With the recent introduction of the requirement under the Modern Slavery Act 2015 for companies with a minimum turnover of £36 million to publish an annual slavery and human trafficking statement, the issue of modern slavery is gaining ever more awareness.

The issue has gained considerable publicity in the recent week, with the High Court holding a UK company liable (for the first time) for victims of trafficking. In the recent case, DJ Houghton Chicken Catching Services Ltd was found civilly liable for, among other things, failing to pay six Lithuanian workers the agricultural minimum wage and depriving the workers of facilities to wash, rest, eat and drink. The amount of compensation is yet to be determined, however it is thought it could be considerable.

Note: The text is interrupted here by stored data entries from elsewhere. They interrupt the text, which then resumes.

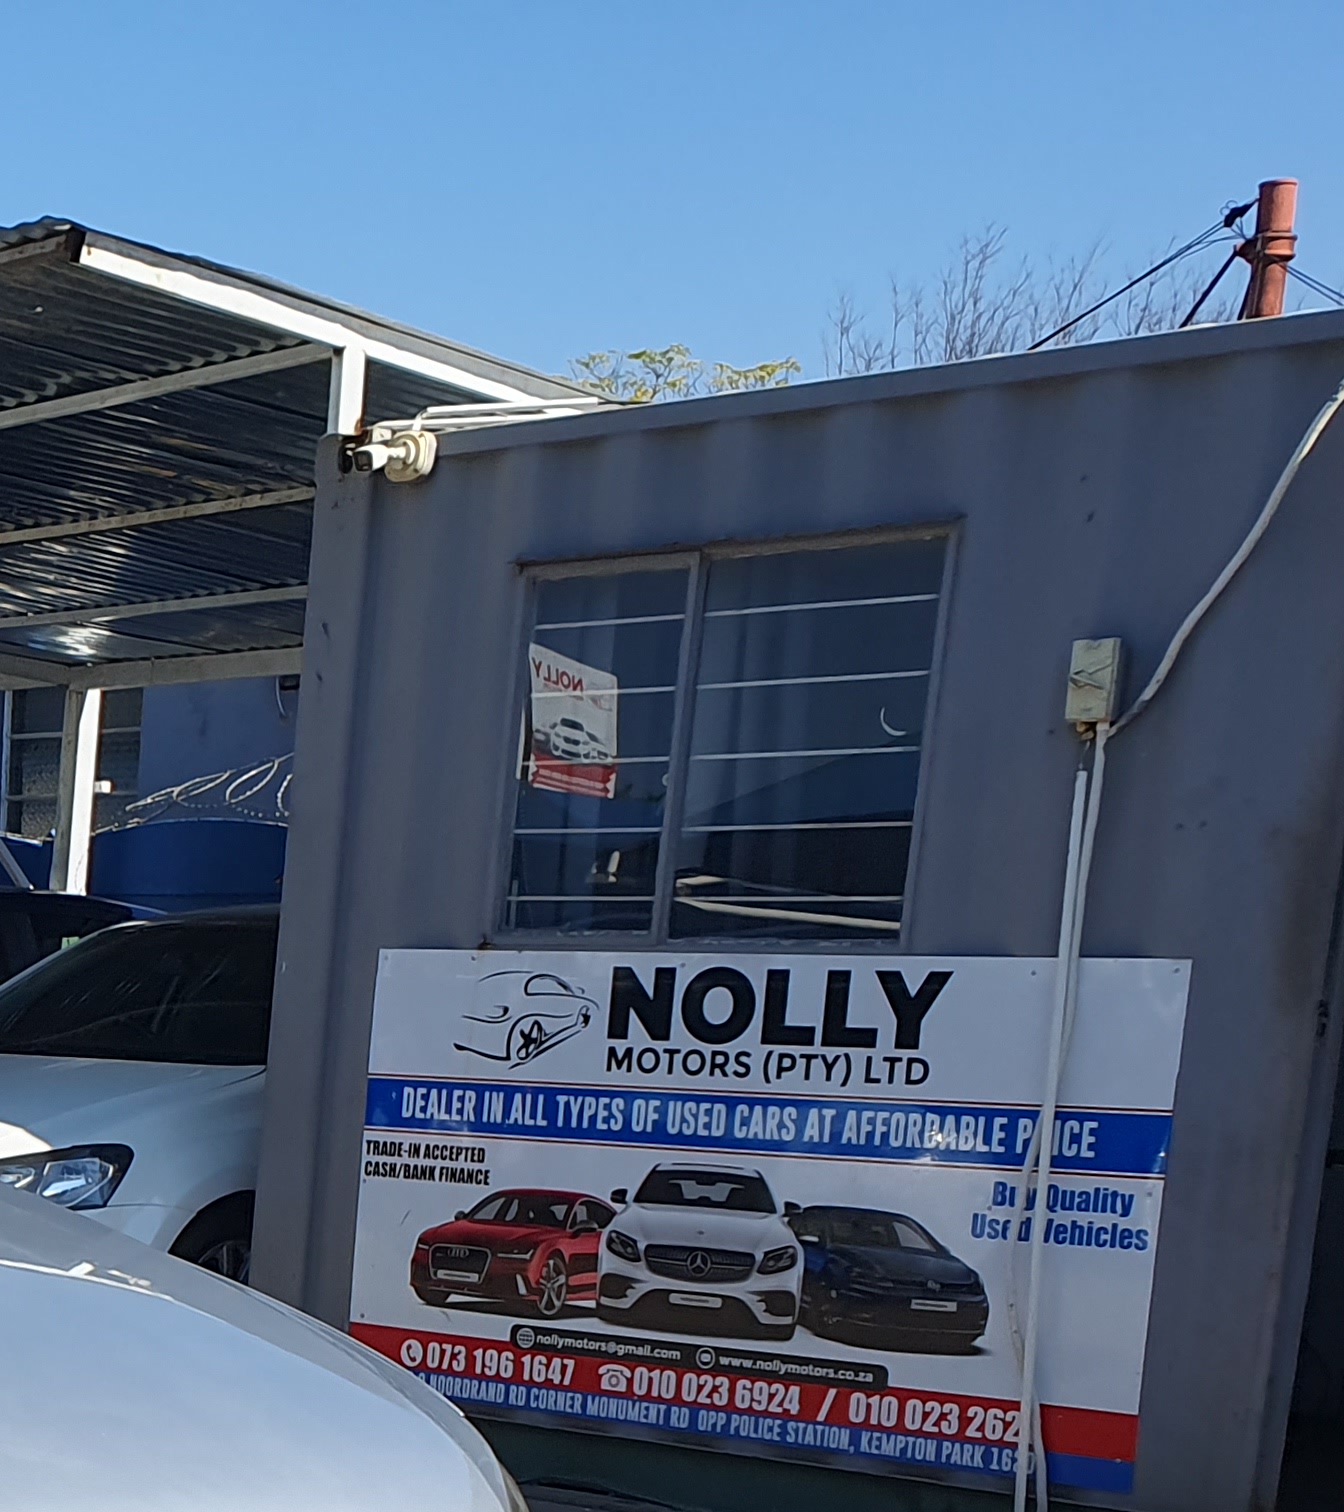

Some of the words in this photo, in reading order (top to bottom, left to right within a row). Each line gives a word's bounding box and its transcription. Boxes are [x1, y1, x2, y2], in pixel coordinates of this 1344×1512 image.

[607, 965, 955, 1050] NOLLY
[606, 1046, 753, 1078] MOTORS
[763, 1050, 852, 1087] (PTY)
[863, 1055, 930, 1086] LTD
[401, 1086, 476, 1123] DEALER
[482, 1091, 504, 1124] IN
[508, 1093, 548, 1127] ALL
[556, 1095, 623, 1131] TYPES
[631, 1098, 660, 1133] OF
[666, 1100, 726, 1137] USED
[734, 1103, 796, 1142] CARS
[803, 1107, 837, 1144] AT
[841, 1109, 1007, 1153] AFFORDABLE
[1015, 1117, 1099, 1158] PICE
[365, 1140, 421, 1159] TRADE-IN
[423, 1143, 486, 1164] ACCEPTED
[364, 1161, 437, 1182] CASH/BANK
[438, 1166, 491, 1186] FINANCE
[1046, 1183, 1135, 1217] Quality
[426, 1343, 466, 1371] 073
[473, 1348, 515, 1379] 196
[521, 1354, 576, 1385] 1647
[535, 1332, 681, 1361] nollymotors@gmail.com
[718, 1355, 874, 1383] www.nollymotors.co.za
[633, 1366, 677, 1400] 010
[681, 1373, 730, 1407] 023
[734, 1380, 801, 1415] 6924
[848, 1392, 898, 1428] 010
[904, 1399, 960, 1435] 023
[508, 1384, 527, 1406] RD
[529, 1388, 583, 1415] CORNER
[586, 1396, 667, 1426] MONUMENT
[669, 1407, 690, 1429] RD
[697, 1409, 726, 1434] OPP
[730, 1414, 783, 1442] POLICE
[786, 1421, 855, 1454] STATION,
[860, 1432, 936, 1463] KEMPTON
[940, 1440, 986, 1469] PARK

Whilst the requirement to publish a modern slavery statement only applies to those companies meeting the minimum turnover threshold, the guidance to the Act suggests that a statement is included concerning those parts of a company’s business and supply chains where there is a risk of slavery and/or human trafficking taking place and the steps that company has taken to assess and manage any such risks. Accordingly, it is likely that the larger companies will require its suppliers to produce a statement regarding its policies and procedures to ensure that neither its own business nor its suppliers are engaging in any form of slavery and/or human trafficking.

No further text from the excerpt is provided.